I wrote up a bit in the wake of the trailer for the Robert Rodriguez-directed, James Cameron-produced adaptation of Yukito Kishiro’s classic manga, Battle Angel Alita (Gunnm in Japan, the anime adaptation of which I am a huge fan) that covers the long road this adaptation has traveled and why I’m kind of excited about it.

Long John Progress

I’m well on my way through drawing Chapter 3. I’ll reveal more about that soon. I’ve got a title and a cover for the next chapter. I just want more under my belt before I widely reveal anything if only because I don’t want to make a big reveal and then have everybody wait for another year. However, it’s moving along swimmingly and, honestly, I’m so incredibly happy with how this chapter is turning out. For what was supposed to be a simple “action” chapter (a big gun fight is coming to you all), it is turning out to also be one of the most symbolic, profound, and personal chapters of the story and I can’t wait to share it with you. Here’s a look at the lines of the first page of Chapter 3.

Page 01 of Chapter 3 of Long John. Art by D. Bethel.
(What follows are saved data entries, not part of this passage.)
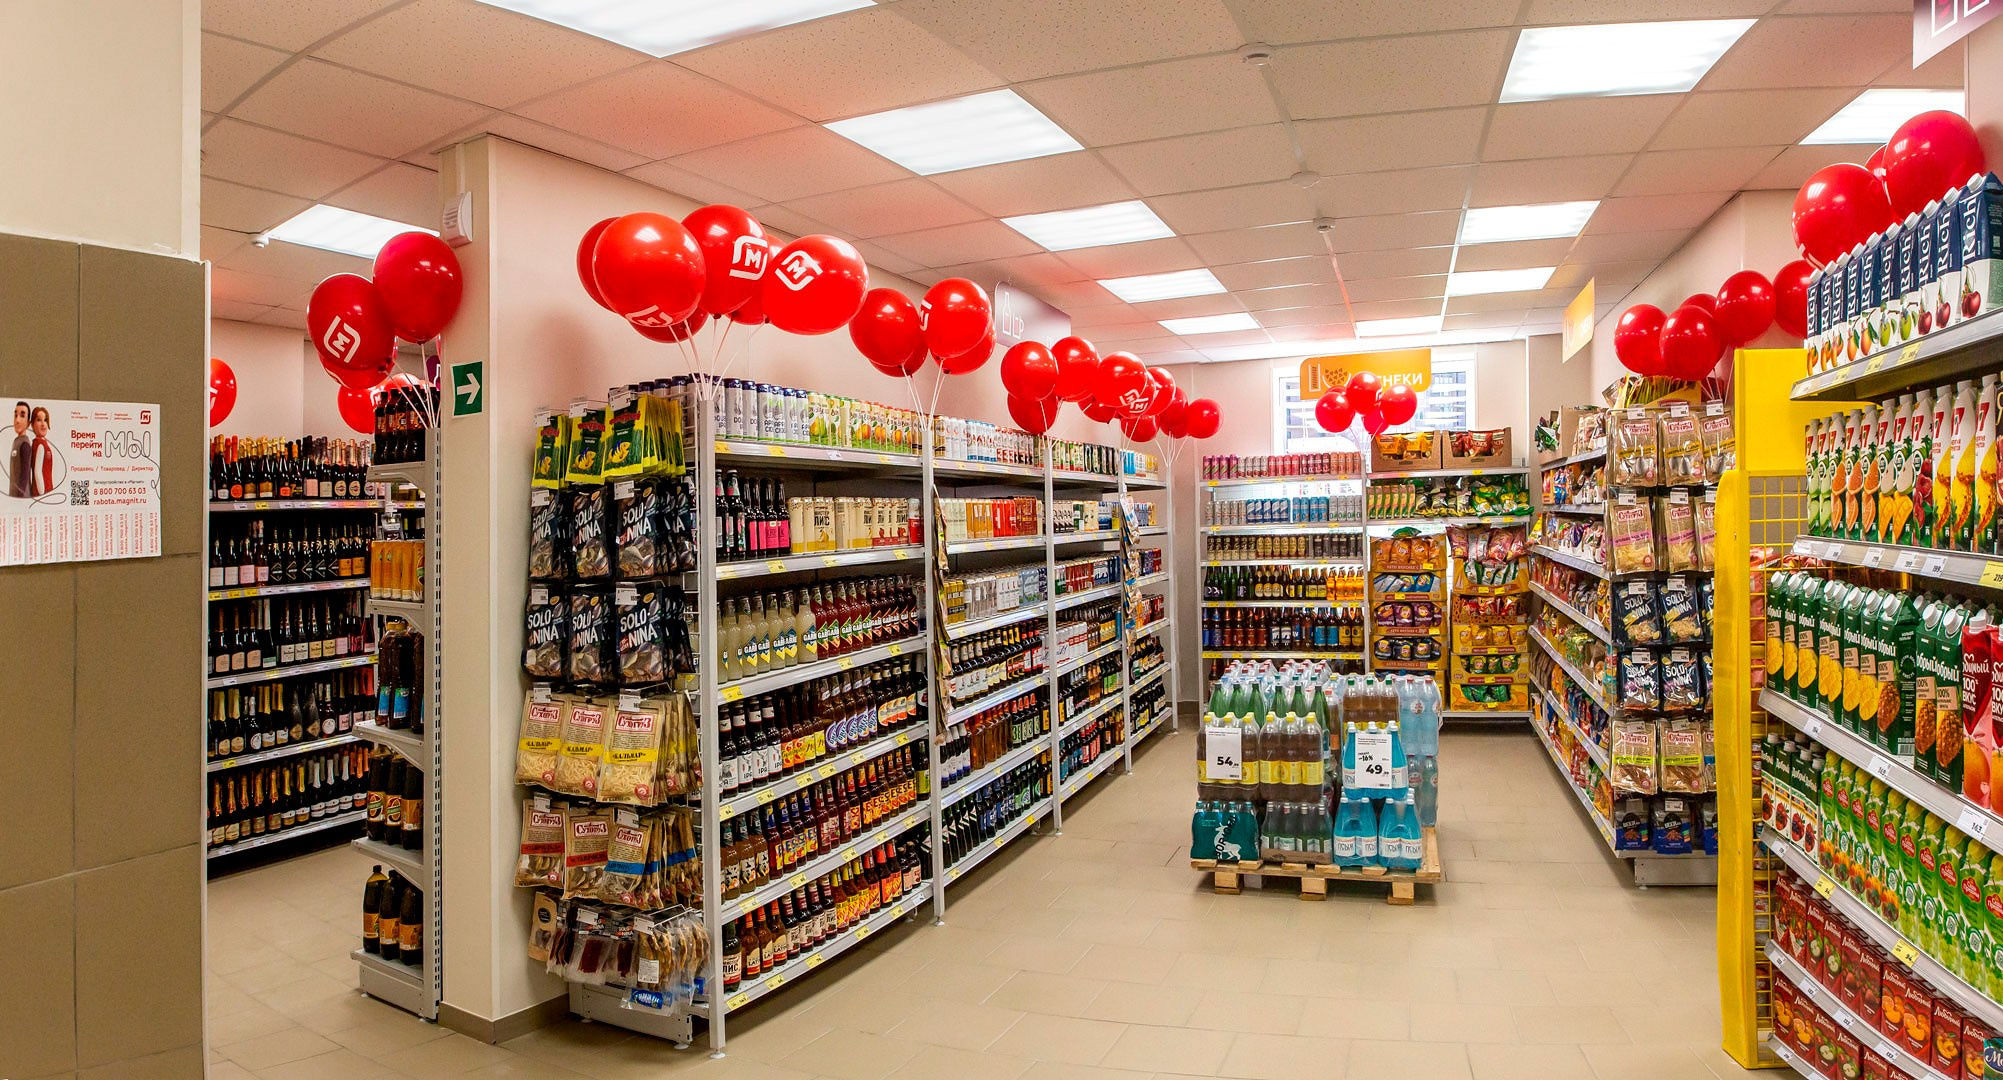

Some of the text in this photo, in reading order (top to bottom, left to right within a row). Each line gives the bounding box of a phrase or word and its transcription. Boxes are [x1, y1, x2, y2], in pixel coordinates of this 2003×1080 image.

[1963, 197, 1977, 261] Rich
[1920, 223, 1931, 285] Rich
[1938, 212, 1951, 272] Rich
[1881, 245, 1893, 300] Rich
[1901, 235, 1912, 293] Rich
[1848, 264, 1858, 317] Rich
[1861, 254, 1872, 310] Rich
[1821, 280, 1830, 331] Rich
[1833, 272, 1842, 321] Rich
[1808, 288, 1816, 335] Rich
[71, 430, 95, 440] Время
[71, 441, 102, 450] перейти
[105, 430, 151, 459] МЫ
[129, 487, 137, 495] 63
[137, 487, 146, 495] 03
[623, 502, 644, 526] SOLO
[814, 515, 830, 526] ЛИС
[627, 517, 651, 542] NINA
[1666, 592, 1684, 606] SOLO
[528, 609, 551, 629] SOLO
[573, 611, 591, 631] SOLO
[621, 608, 646, 632] SOLO
[533, 625, 559, 645] NINA
[628, 623, 657, 648] NINA
[1905, 988, 1931, 1008] Любимый
[1934, 1006, 1961, 1026] Любимый
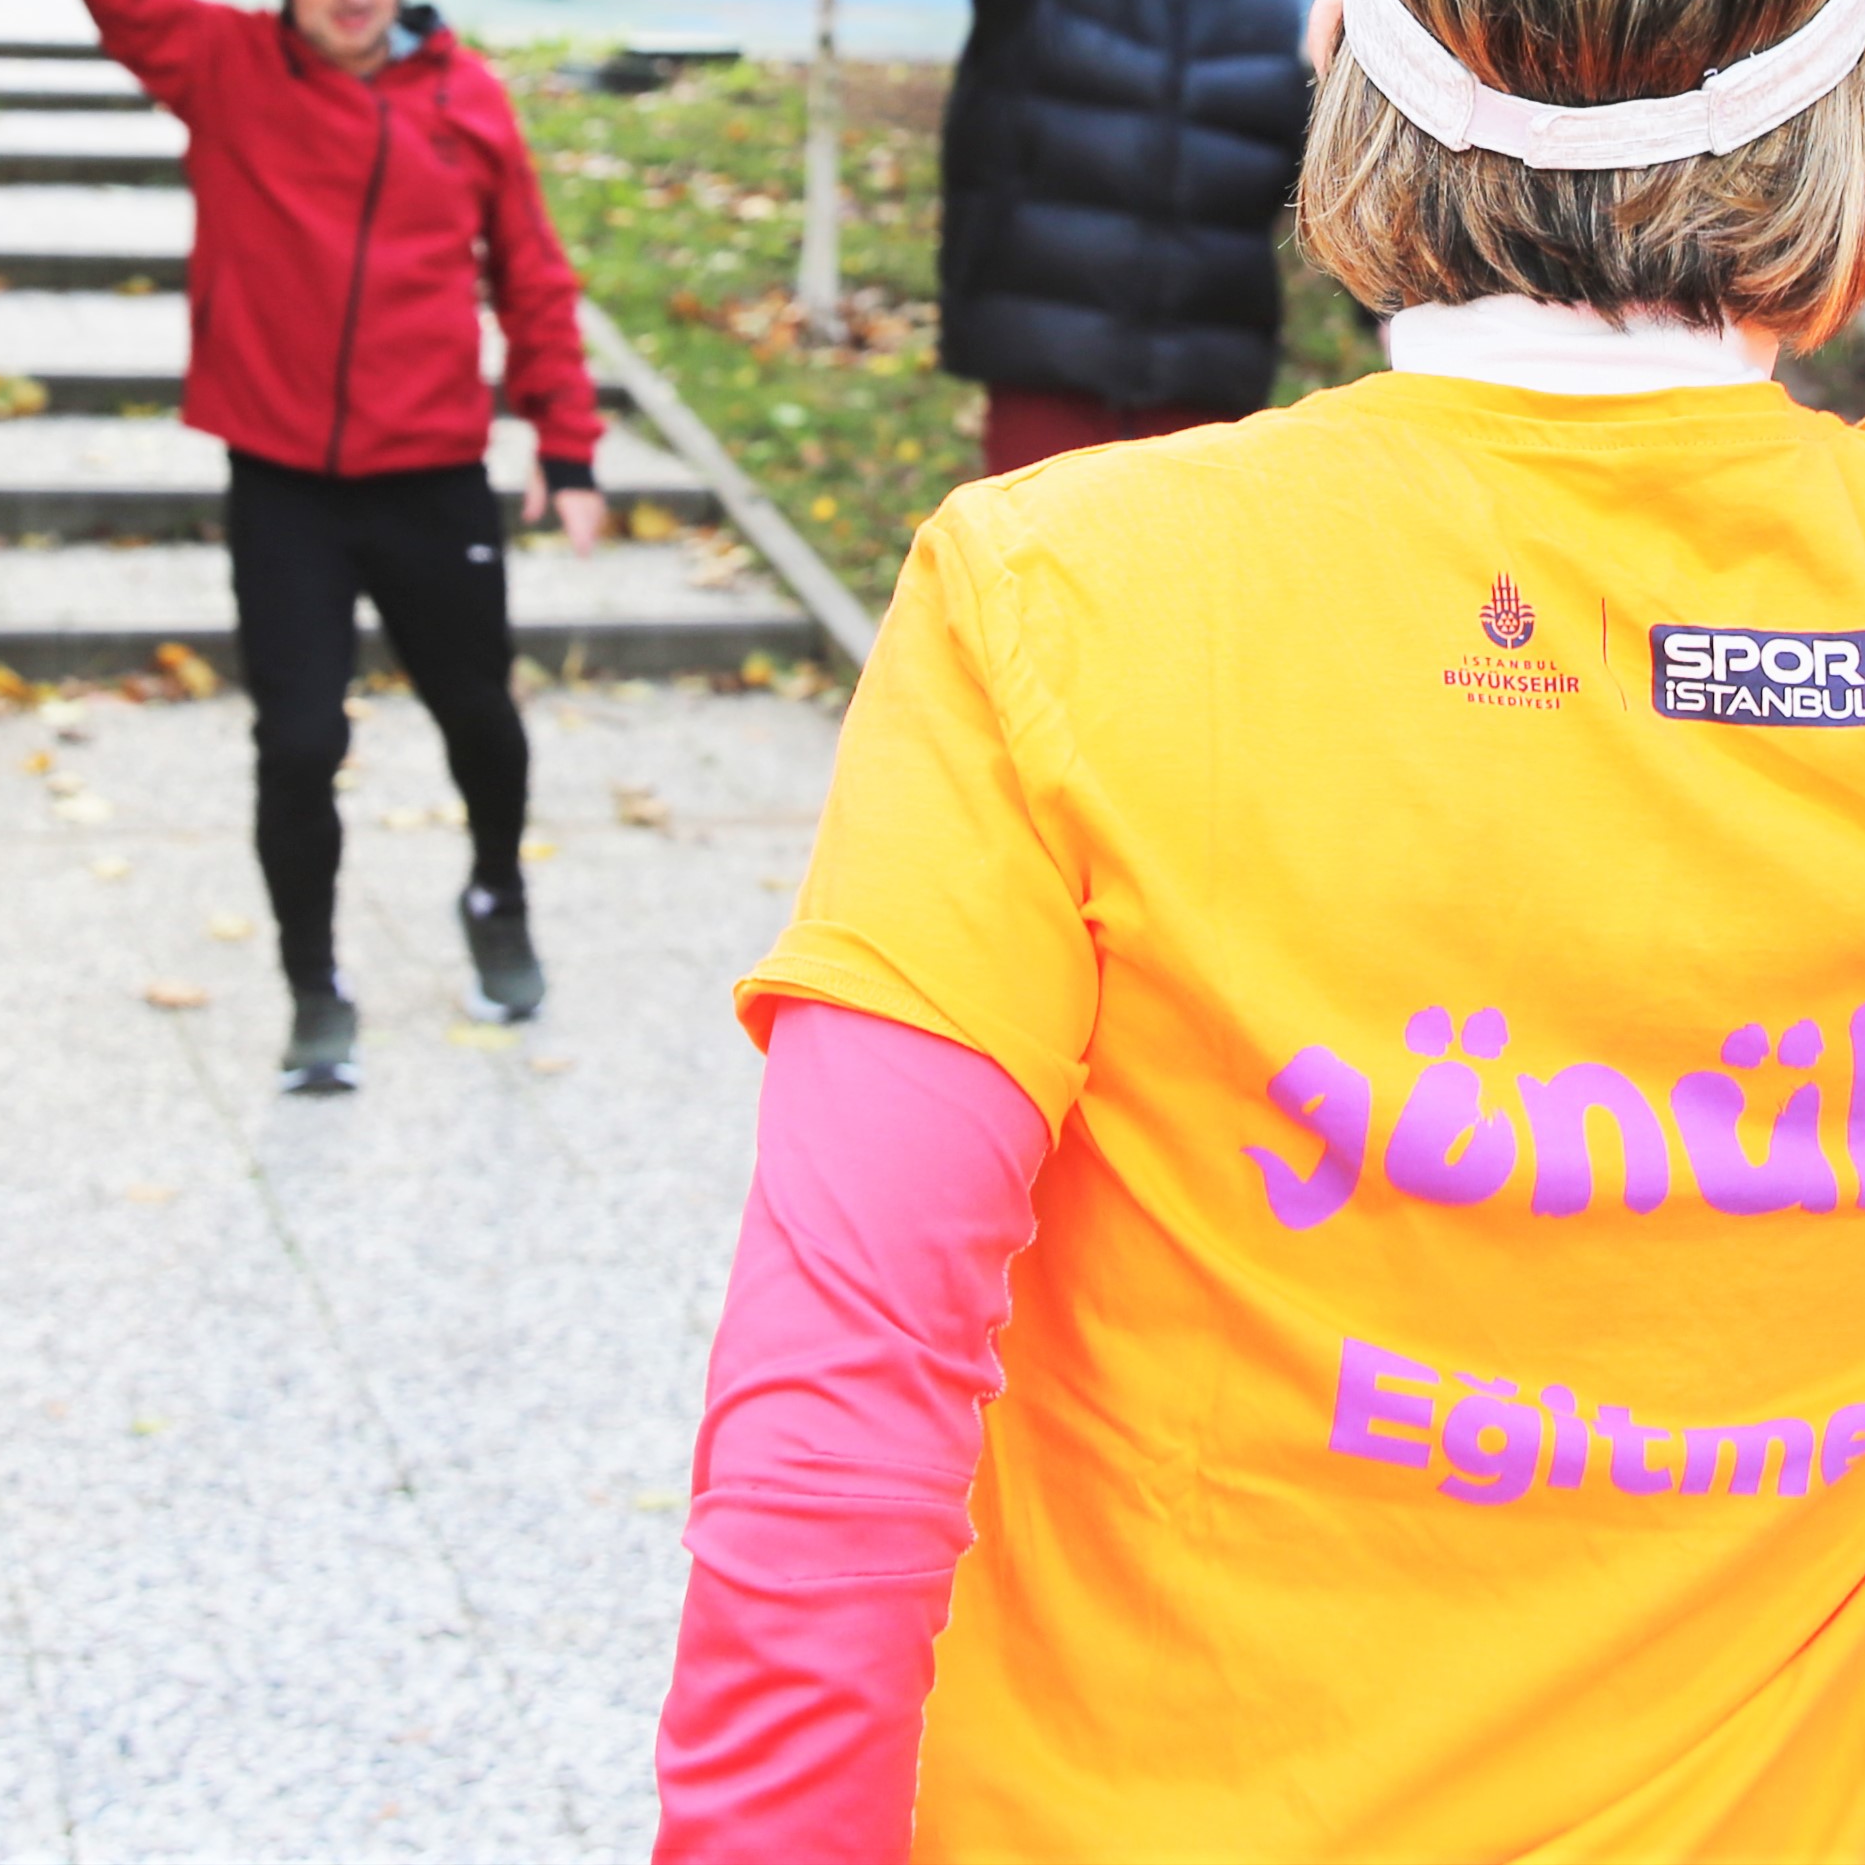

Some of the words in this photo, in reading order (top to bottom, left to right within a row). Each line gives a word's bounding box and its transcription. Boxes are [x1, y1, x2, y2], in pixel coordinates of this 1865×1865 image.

Without wasting all of my page notes on this preview, with this page I really looked to classical sculpture to inspire the melodrama I wanted this centerpiece to have which will be echoed throughout the chapter. As a wanna-be, almost Art History major, one of my most favorite artists ever is the Baroque sculptor Gian Lorenzo Bernini (seriously, do a Google image search of his work, it’s exquisite), and I definitely tried to capture his lines and folds in this pose. I am really quite proud of it!